Supervision should include a clinical supervisor with sufficient experience of the role the trainee is preparing for, and an educational supervisor for the duration of any master’s level learning associated with an award of credit. Examples of good supervision are included in NHS England’s Standards for Workplace Supervision for Advanced Practice[45]. Protected time for supervision should continue to be scheduled regularly following qualification, with opportunity for the advanced practice AHP to update and discuss learning needs.

Continuing Professional Development

Protected learning time and resources for CPD are essential to promote the provision of evidence-based care and provide advanced practice AHPs with the opportunity to reflect on and develop their practice in line with HCPC requirements. A national circular[46] mandates protected learning time for all NHS staff and describes the conditions necessary to support this. Advanced practice AHPs have a duty to fulfil HCPC CPD requirements aligned with their advanced roles and scope of practice. CPD activities and reflections should be recorded within a professional portfolio, with learning needs identified and addressed through a robust appraisal process.

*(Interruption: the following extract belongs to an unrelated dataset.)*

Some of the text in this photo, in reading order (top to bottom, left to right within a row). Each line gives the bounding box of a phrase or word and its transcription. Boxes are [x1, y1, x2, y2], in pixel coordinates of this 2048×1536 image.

Measuring and demonstrating impact

Metrics are fundamental to the governance, development and sustainability of AHP advanced practice[3]. There are several underlying principles that should be applied when developing AHP advanced practice metrics:

Principle 1: Identify appropriate metrics when planning advanced practice roles, to articulate their impact on service delivery and ensure public value.

Principle 2: Use both qualitative and quantitative metrics, considering indicators of quality, safety, effectiveness and patient experience, and reflecting the four pillars of practice.

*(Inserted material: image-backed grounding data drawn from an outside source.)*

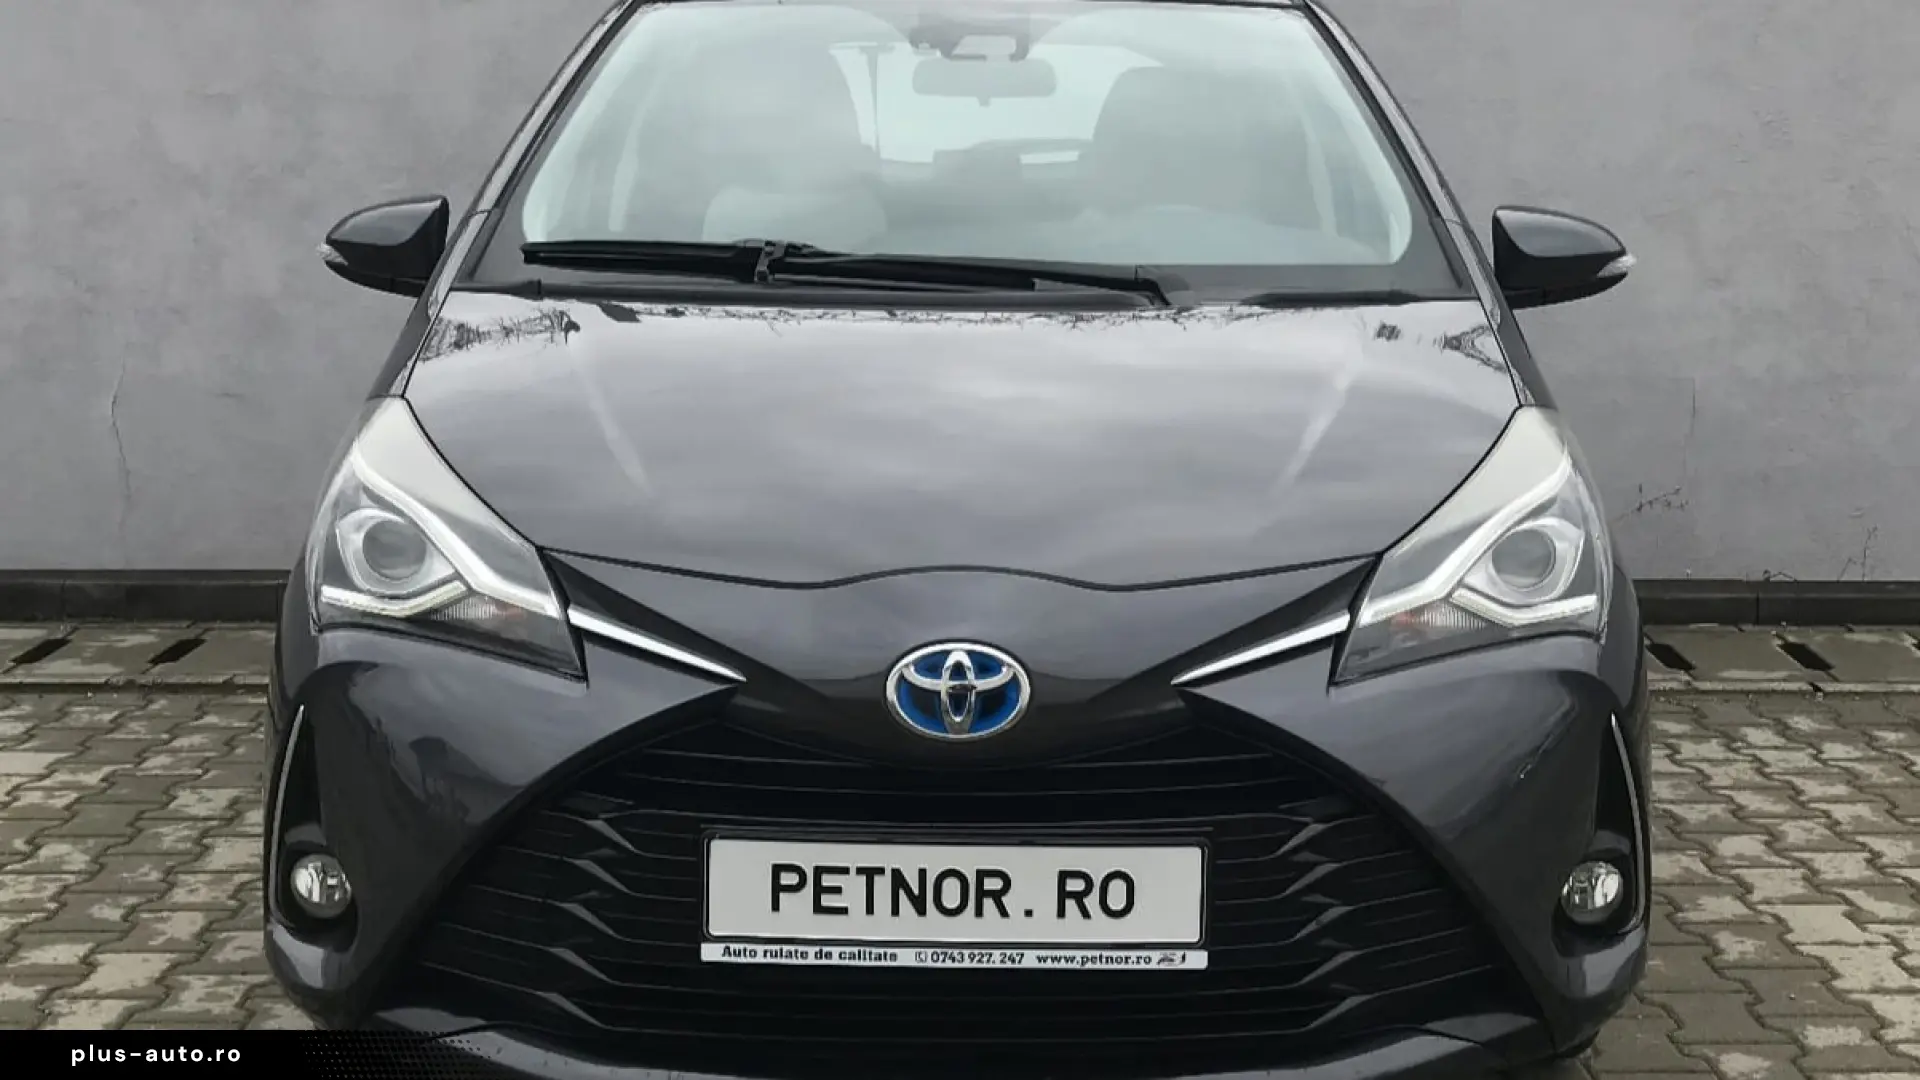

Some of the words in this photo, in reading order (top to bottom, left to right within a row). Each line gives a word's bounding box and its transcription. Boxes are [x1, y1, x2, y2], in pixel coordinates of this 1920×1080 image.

[722, 945, 757, 958] Auto
[763, 946, 808, 960] rulate
[814, 947, 833, 961] de
[838, 948, 898, 962] calitate
[930, 951, 964, 965] 0743
[1036, 952, 1152, 966] www.petnor.ro

Principle 3: Align metrics with service and role priorities and utilise existing data sources where possible.

Principle 4: Timely analysis and feedback of metrics is required, with clear methods for displaying outcomes.

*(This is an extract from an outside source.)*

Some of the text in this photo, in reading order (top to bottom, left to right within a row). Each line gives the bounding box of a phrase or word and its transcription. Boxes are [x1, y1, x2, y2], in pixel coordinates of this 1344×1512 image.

Annex 4 includes examples of metrics that could be used to demonstrate the role of advanced practice AHPs in delivering practical, scalable solutions to current service pressures and guide future workforce planning.

Additional considerations

Embedding environmental sustainability and equality, diversity and inclusion

In line with commitments to tackle the climate crisis[47], advanced practice AHPs have a pivotal role to play in delivering high quality, low carbon care. Their leadership roles enable them to redesign and transform services to ensure sustainable models of practice that address healthcare needs both now and in the future. Embedding sustainability principles into governance, education and workforce development is essential and advanced practice AHPs should role-model and advocate sustainable healthcare.

Equally, AHP advanced practice roles should be underpinned by a strong commitment to equality, diversity and inclusion. They have an individual and collective responsibility to challenge discrimination and ensure services are person-centred and inclusive[2].

Additionally, development opportunities for AHP advanced practice roles should provide equitable opportunities across professions, specialities and care settings[48].

Patient Public Involvement in the development of care pathways

Actively involving service users in the development of care pathways ensures services meet real needs and aligns with the principles of Realistic Medicine[6] . Embedding co-production, using a structured approach, will support the development of AHP advanced practice roles that are person-centred and effective.